Envoyée spéciale à Kaboul (Afghanistan)
Au milieu du café, elles ont choisi une longue table et jeté en vrac leurs foulards sur les bancs qui l’encadrent. De larges sacs déversent leurs contenus (ordinateurs portables, téléphones, carnets…) sur ces piles de tissu froissé. Dans la clameur des conversations mêlées à la musique iranienne, les membres du mouvement Perspectives féminines se penchent au-dessus des tasses de thé fumant pour mieux s’entendre.
«Tu n’as pas peur de te faire assassiner ?»
Gaisu, jeune femme de 26 ans aux longs cheveux lisses et à l’allure soignée, esquisse un sourire. Depuis qu’elle a accepté un emploi dans un ministère, elle essuie des remarques quotidiennes sur sa sécurité.
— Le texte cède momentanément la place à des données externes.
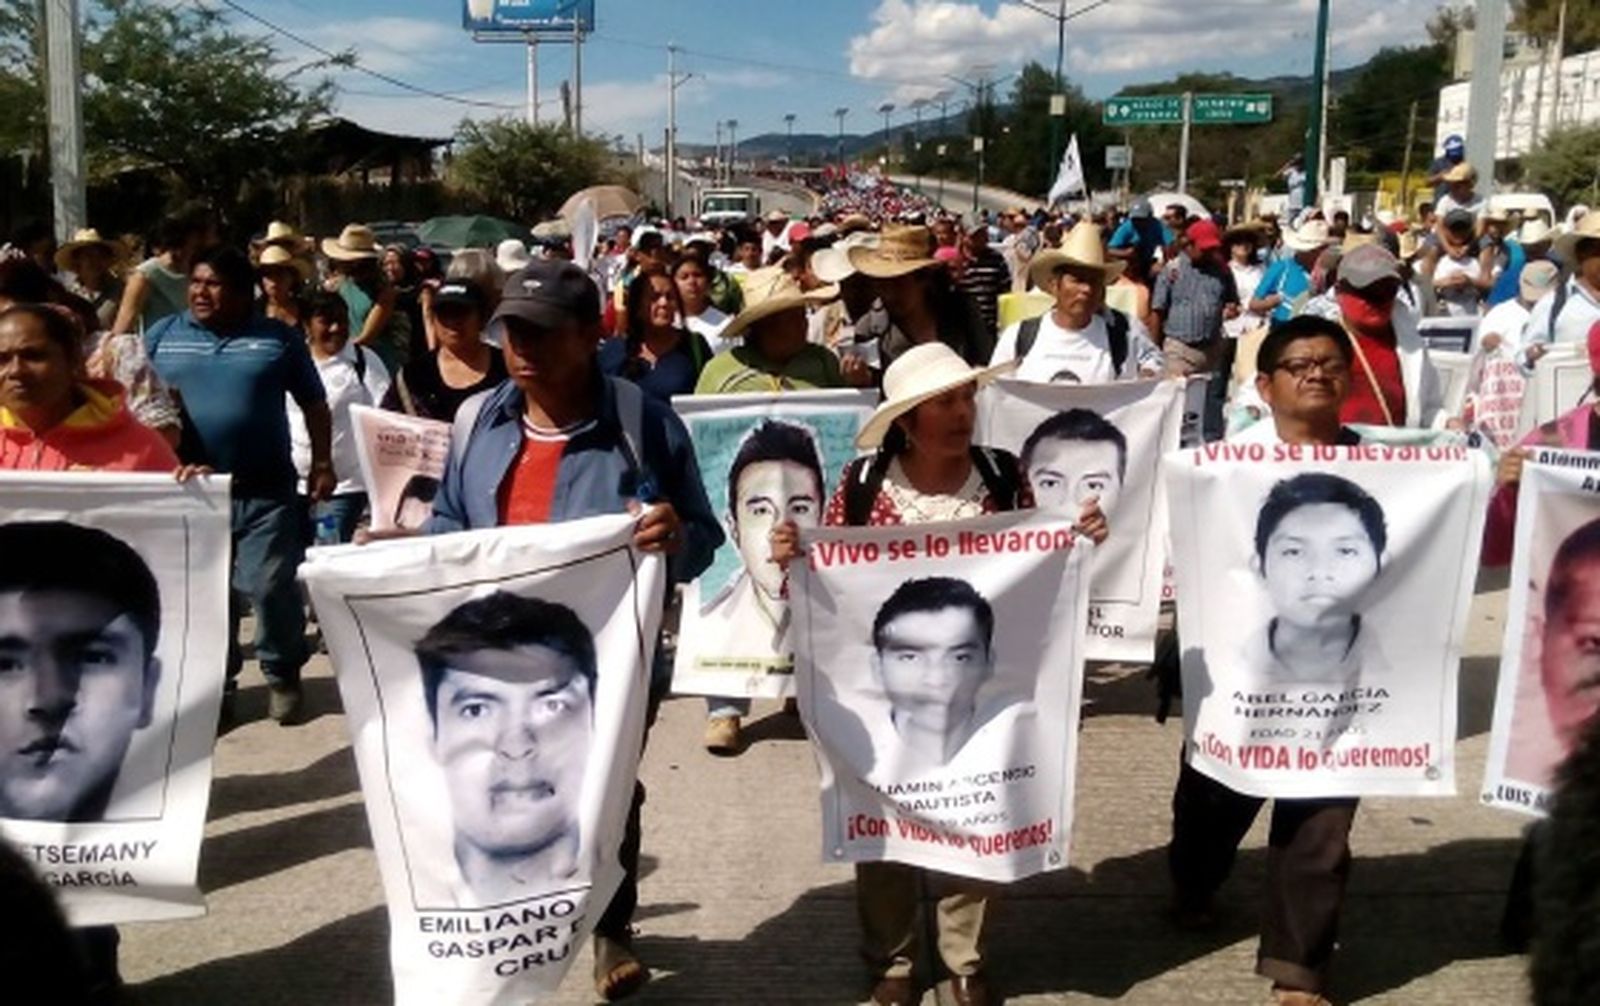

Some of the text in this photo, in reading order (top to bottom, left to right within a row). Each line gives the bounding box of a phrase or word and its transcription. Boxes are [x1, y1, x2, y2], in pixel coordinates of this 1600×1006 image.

[1274, 444, 1302, 461] se
[1314, 442, 1337, 461] lo
[809, 541, 879, 573] ¡Vivo
[888, 541, 917, 561] se
[926, 534, 950, 557] lo
[1240, 746, 1290, 770] VIDA
[1298, 746, 1318, 770] lo
[1322, 742, 1430, 771] queremos!
[1497, 784, 1531, 806] LUIS
[848, 814, 890, 841] ¡Con
[419, 899, 575, 934] EMILIANO
[427, 926, 557, 958] GASPAR
[495, 943, 569, 976] CRU
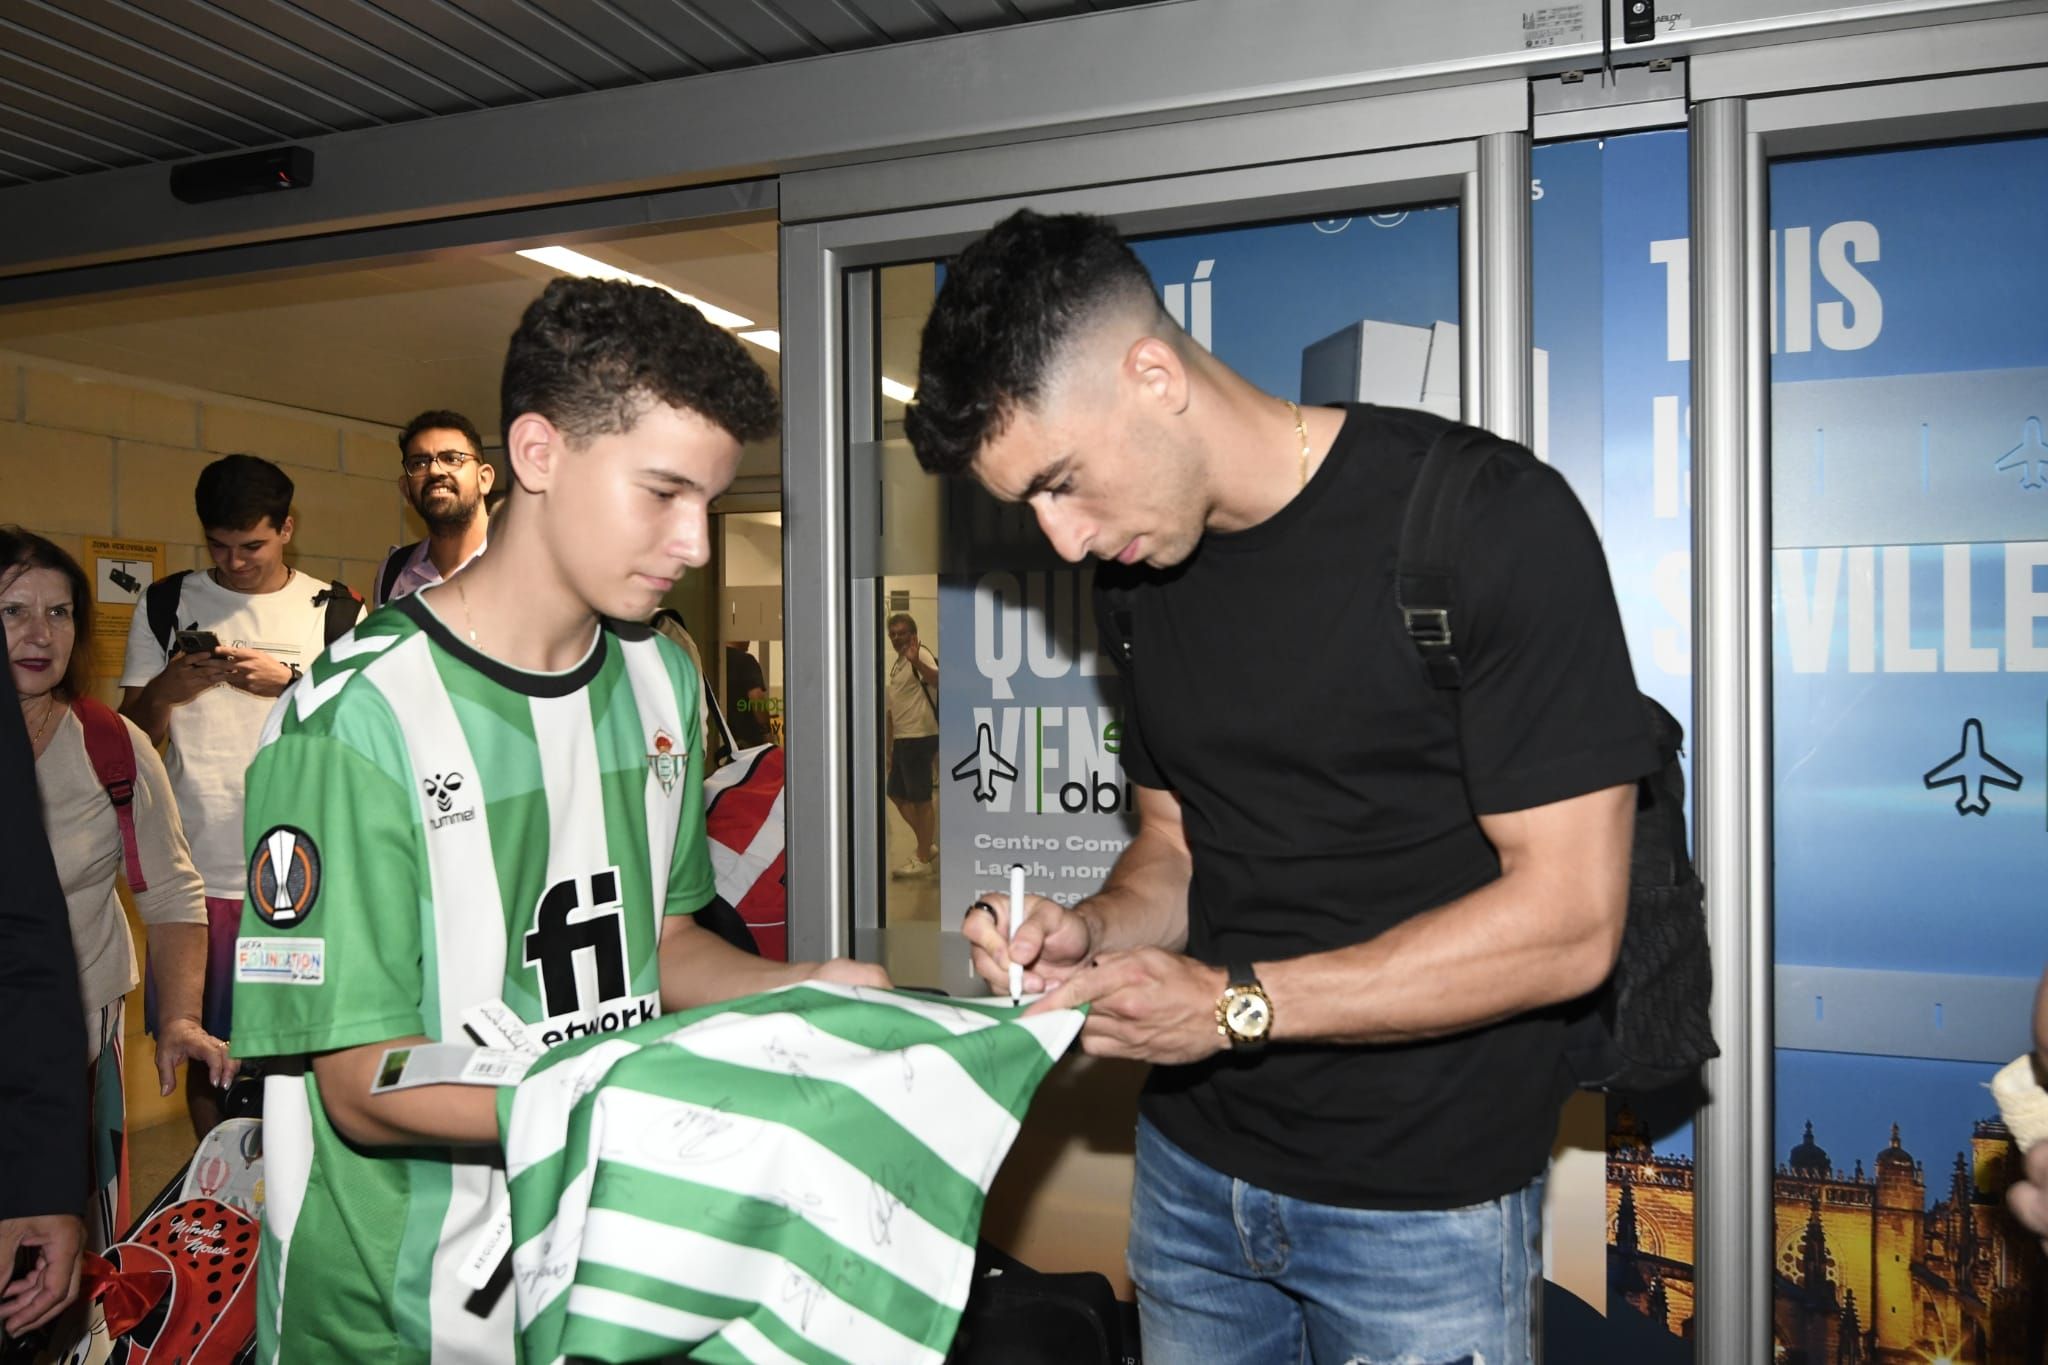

«Bien sûr que j’ai peur, mais qu’est-ce que je peux faire? Mes parents voudraient que j’emprunte un véhicule discret pour aller au travail et non mon 4 × 4 de fonction… Mais mes chefs refusent. Après tout, cela ne ferait aucune différence: si des imbéciles veulent mettre une bombe magnétique sous ma voiture, ils le feront!»
Le bruit des détonations
Ses amies haussent les épaules: elles savent que Gaisu a raison. D’ailleurs, toutes sont arrivées à la même constatation. Ces jeunes femmes, pour la plupart issues de la classe moyenne kabouliote, ont étudié à l’étranger, maîtrisent l’anglais, et travaillent dans des institutions gouvernementales ou des ONG. Aucune ne cache sa ferveur pour la cause féministe et certaines arborent tatouages et piercings. Autrement dit: elles ont le profil type des victimes d’assassinats ciblés qui se sont enchaînés avec une frénésie inédite ces derniers mois, en particulier dans la capitale.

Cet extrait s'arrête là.